Your objective:
Give back every record exactly, with its pictures left out.

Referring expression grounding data

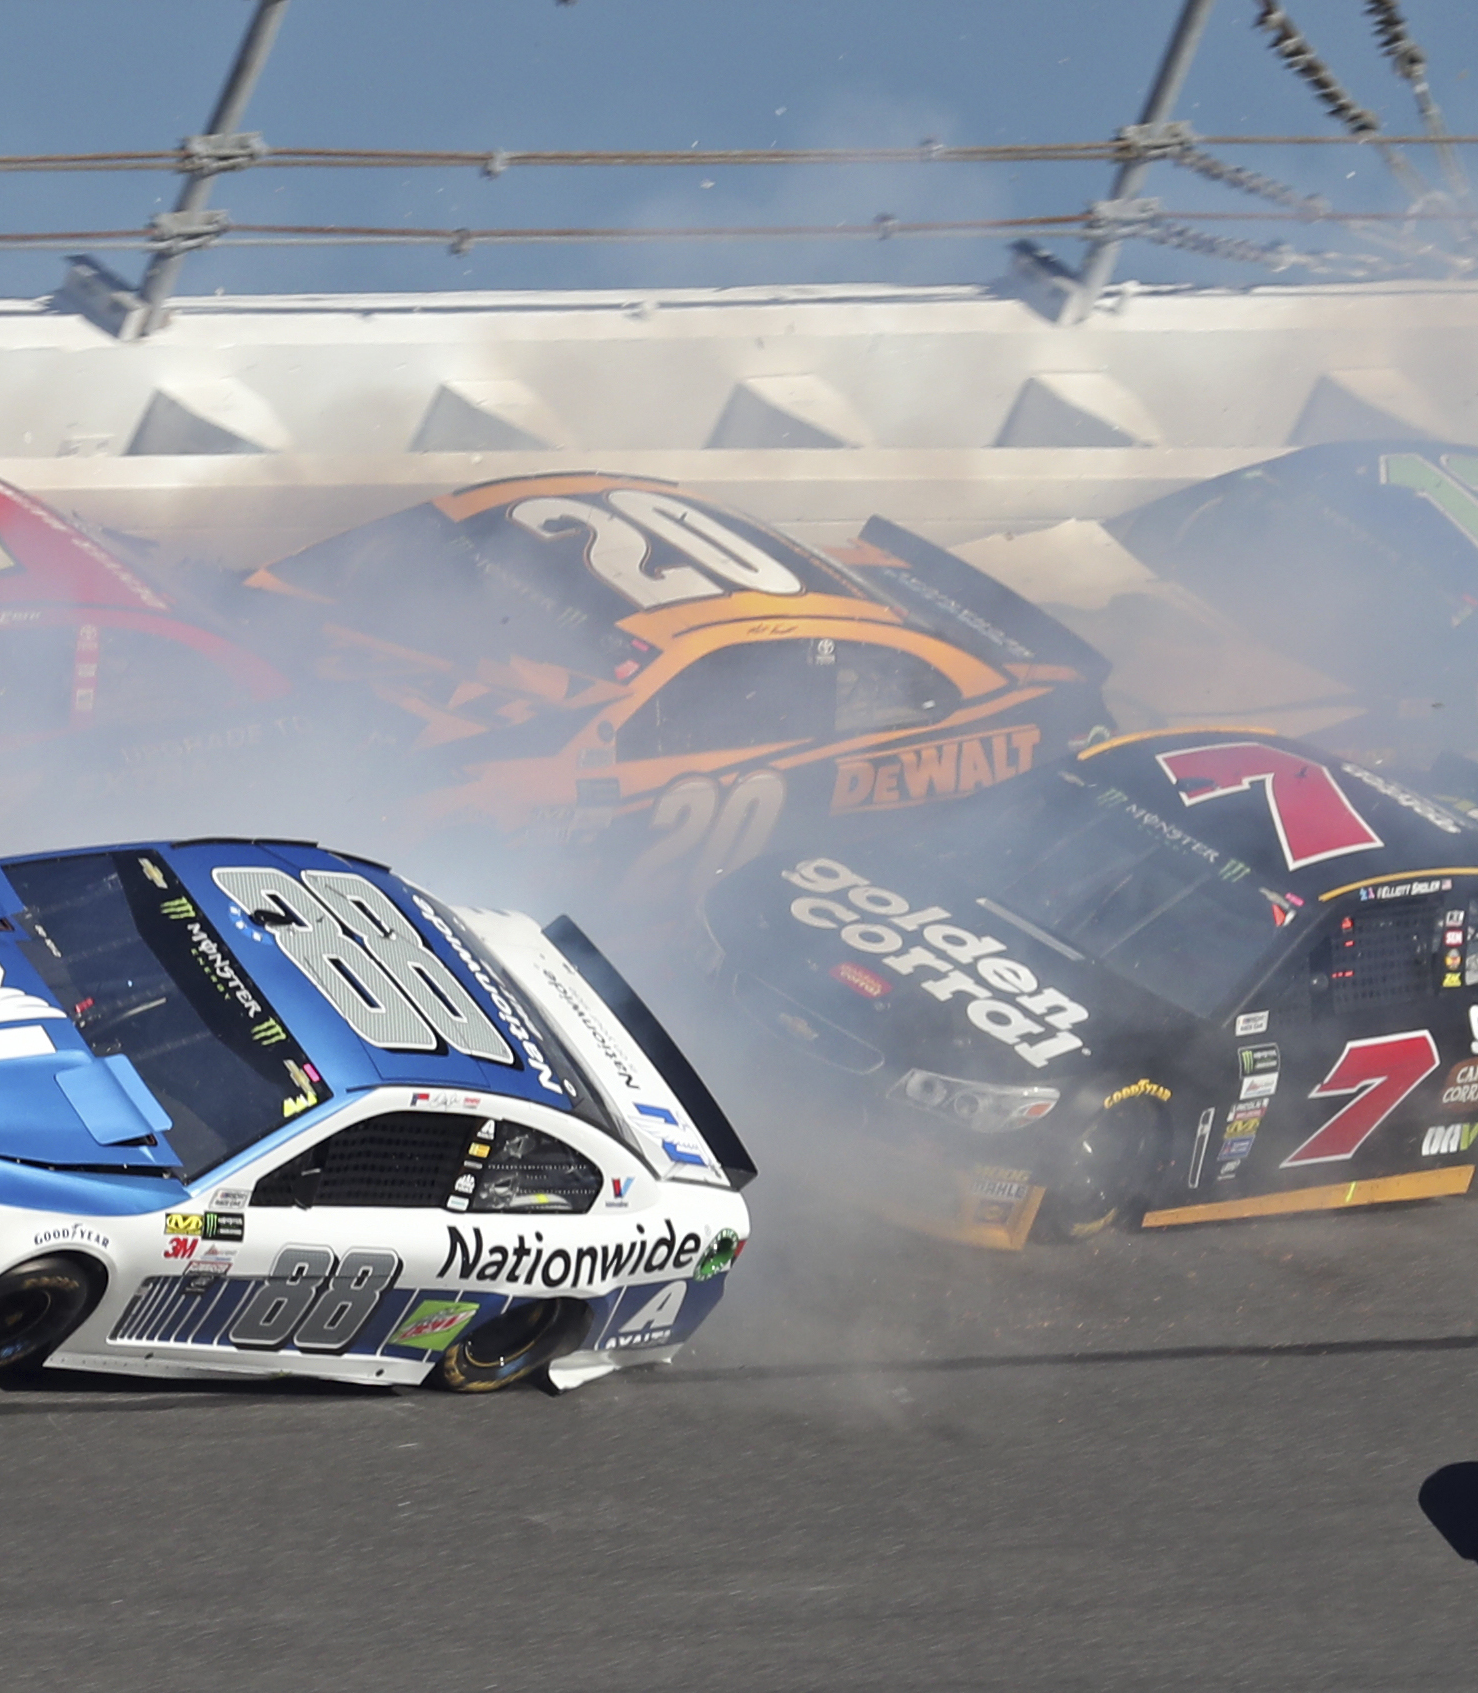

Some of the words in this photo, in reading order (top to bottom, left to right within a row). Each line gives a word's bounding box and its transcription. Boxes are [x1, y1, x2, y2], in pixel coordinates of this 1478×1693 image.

[509, 489, 804, 607] 20
[616, 772, 786, 895] 20
[1124, 803, 1220, 864] MONSTER
[1156, 742, 1385, 871] 7
[187, 922, 262, 1019] MONSTER
[211, 867, 515, 1066] 88
[781, 857, 1089, 1030] golden
[790, 896, 1084, 1068] corral
[1279, 1029, 1441, 1169] 7
[33, 1223, 110, 1249] GOODYEAR
[163, 1236, 200, 1259] 3M
[436, 1218, 702, 1290] Nationwide
[228, 1243, 404, 1350] 88

Result of the task:
Some of the words in this photo, in reading order (top to bottom, left to right within a row). Each line gives a word's bounding box and its transcription. Boxes are [x1, y1, x2, y2], in pixel coordinates of this 1478×1693 image.

[509, 489, 804, 607] 20
[616, 772, 786, 895] 20
[1124, 803, 1220, 864] MONSTER
[1156, 742, 1385, 871] 7
[187, 922, 262, 1019] MONSTER
[211, 867, 515, 1066] 88
[781, 857, 1089, 1030] golden
[790, 896, 1084, 1068] corral
[1279, 1029, 1441, 1169] 7
[33, 1223, 110, 1249] GOODYEAR
[163, 1236, 200, 1259] 3M
[436, 1218, 702, 1290] Nationwide
[228, 1243, 404, 1350] 88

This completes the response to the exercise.